In the preparations of nanoparticles, low-viscosity aqueous colloidal solutions or suspensions of metal oxides containing stabilized particles in the nanometer range are involved. The solutions of nanoparticles do not contain any substantial aggregates, so that requirements of international pharmacopoeia on parenteralia with respect to the particle size are met .

The solutions or suspensions are colored reddishbrown to black, which is attributable to the intensive colors of crystals containing iron. The pronounced inherent colors can be used for visual detection, e.g., as a marker substance in surgical medicine. For detection with the MR technique, the nanoparticles are superparamagnetic or contain superparamagnetic portions. The particles physically show very high saturated magnetizations, which are achieved even in the case of low applied field strengths and, after turning off an external magnet, exhibit no more residual magnetization, they show no remanence.

The nanoparticles are formulated as solutions (suspensions) and can be administered without further preparation. Since the solutions of the nanoparticles are compatible with usual medicinal solvents, such as physiological sodium chloride solution, electrolyte solutions or sugar solutions, the particles can be" diluted at will and are also infused, e.g., for special applications. This invention further relates to a process for detecting target structures. In this case, one or more of the above-described compounds are brought together with the samples to be examined in vivo or in vitro. In this case, the oligonucleotide bonds specifically and with high bonding affinity to the target structure to be detected.

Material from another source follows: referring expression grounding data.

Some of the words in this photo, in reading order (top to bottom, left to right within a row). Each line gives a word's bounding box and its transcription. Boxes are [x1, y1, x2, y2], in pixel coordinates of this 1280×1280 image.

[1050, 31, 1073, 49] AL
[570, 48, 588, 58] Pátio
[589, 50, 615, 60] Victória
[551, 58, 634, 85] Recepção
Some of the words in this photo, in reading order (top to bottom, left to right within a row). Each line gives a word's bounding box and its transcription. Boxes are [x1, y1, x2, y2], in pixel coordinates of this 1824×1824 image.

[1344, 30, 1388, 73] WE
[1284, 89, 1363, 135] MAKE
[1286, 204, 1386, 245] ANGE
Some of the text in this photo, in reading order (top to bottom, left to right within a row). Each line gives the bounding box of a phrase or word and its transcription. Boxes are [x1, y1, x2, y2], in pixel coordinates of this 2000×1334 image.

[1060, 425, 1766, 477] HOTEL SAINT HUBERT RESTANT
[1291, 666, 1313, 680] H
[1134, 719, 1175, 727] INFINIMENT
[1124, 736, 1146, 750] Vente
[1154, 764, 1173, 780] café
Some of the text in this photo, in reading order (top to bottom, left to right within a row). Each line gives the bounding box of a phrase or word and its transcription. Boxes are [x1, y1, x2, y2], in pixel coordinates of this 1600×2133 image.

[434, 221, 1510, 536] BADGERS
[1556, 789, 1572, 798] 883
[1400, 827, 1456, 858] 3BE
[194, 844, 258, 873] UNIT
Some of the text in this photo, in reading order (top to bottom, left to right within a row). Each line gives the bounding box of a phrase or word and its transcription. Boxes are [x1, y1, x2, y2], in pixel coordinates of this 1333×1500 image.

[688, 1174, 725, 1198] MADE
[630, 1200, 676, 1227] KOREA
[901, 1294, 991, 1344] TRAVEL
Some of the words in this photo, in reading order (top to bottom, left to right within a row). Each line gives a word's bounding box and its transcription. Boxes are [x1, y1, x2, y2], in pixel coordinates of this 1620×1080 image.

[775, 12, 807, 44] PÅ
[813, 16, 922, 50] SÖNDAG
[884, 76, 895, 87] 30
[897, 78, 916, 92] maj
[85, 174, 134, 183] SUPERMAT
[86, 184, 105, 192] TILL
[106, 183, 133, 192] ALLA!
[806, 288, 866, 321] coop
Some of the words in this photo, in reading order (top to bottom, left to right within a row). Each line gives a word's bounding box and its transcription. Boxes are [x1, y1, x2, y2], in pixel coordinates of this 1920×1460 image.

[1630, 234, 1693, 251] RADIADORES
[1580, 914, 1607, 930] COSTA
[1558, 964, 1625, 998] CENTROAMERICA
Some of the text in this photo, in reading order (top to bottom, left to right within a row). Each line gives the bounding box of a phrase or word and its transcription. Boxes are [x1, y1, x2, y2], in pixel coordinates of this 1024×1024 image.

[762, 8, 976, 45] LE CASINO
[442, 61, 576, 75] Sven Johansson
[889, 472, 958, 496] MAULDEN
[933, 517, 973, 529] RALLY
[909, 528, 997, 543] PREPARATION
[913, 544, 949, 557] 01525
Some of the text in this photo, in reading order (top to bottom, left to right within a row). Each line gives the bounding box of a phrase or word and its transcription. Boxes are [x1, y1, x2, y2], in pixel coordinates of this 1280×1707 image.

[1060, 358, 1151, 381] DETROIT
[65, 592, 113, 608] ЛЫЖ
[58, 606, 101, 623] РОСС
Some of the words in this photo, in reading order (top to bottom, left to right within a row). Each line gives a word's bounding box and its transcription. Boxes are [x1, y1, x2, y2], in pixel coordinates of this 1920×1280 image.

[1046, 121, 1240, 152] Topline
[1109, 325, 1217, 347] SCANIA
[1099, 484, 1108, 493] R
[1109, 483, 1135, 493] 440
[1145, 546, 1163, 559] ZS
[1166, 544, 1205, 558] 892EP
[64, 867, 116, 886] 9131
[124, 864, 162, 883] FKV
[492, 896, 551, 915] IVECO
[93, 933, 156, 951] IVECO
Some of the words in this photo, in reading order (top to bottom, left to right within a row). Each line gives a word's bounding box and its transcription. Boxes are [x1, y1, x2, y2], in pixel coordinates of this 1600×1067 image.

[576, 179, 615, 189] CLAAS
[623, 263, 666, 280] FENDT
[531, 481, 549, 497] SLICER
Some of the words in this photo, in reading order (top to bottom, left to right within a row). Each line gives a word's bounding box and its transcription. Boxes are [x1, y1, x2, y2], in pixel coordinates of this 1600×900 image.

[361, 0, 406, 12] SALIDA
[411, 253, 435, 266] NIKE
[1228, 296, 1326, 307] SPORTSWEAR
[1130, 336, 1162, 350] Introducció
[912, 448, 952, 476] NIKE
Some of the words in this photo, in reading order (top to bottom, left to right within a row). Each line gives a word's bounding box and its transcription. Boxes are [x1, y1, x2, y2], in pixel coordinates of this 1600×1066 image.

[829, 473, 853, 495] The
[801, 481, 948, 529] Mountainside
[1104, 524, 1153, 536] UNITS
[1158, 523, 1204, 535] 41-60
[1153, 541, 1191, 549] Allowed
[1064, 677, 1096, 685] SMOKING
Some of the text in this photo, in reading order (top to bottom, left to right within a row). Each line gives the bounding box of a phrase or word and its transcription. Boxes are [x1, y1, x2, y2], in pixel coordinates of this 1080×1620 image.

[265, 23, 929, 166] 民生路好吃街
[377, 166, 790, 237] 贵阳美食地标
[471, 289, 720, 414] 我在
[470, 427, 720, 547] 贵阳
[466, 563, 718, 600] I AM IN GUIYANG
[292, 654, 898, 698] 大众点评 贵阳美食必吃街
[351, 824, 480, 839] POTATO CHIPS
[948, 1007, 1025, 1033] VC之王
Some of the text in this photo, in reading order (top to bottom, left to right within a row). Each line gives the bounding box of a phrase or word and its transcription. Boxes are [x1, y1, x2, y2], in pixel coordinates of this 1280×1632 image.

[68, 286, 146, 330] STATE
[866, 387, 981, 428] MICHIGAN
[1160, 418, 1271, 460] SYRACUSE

If the target structure is present in the sample, it can be detected there based on the signal. The process is especially suitable for a noninvasive diagnosis of diseases. In this case, one or more of the above- described compounds, preferably labeled with radioisotopes, are administered in vivo. Based on the signal, it can be detected whether the target structure, on which the oligonucleotide bonds specifically and with high affinity, is present in the organism to be examined.

The conjugates and agents according to the invention meet the varied requirements, which are to be imposed on a diagnostic agent. They are distinguished especially by a high specificity or affinity relative to the target structures in question. Relative to known oligonucleotide conjugates, the conjugates according to the invention exhibit an especially high in vivo stability. This was achieved by a substitution of the 2'-hydroxy group. Surprisingly, the specificity of the oligonucleotide is significantly impaired neither by this modification, nor by the coupling with the ferrite. Other advantages are the controllable pharmacokinetics as well as the low dosage that is advantageous with respect to the compatibility.

Depending on the properties of the oligonucleotide components, many areas of use arise for special indications such as the MR-lymphography after intravenous or local interstitial administration, the tumor visualization, the visualization of functions or disturbed functions, the plaque visualization (atherosclerotic imaging), the visualization of clots and vessel occlusions, MR angiography, perfusion tests, the visualization of infarctions, the visualization of endothelial impairments, receptor imaging, the visualization of the integrity of the blood-brain barrier, etc. and for the differential diagnosis, especially for distinguishing tumors/metastases and hyperplastic tissue.

The following examples are used for a more detailed explanation of the object of the invention.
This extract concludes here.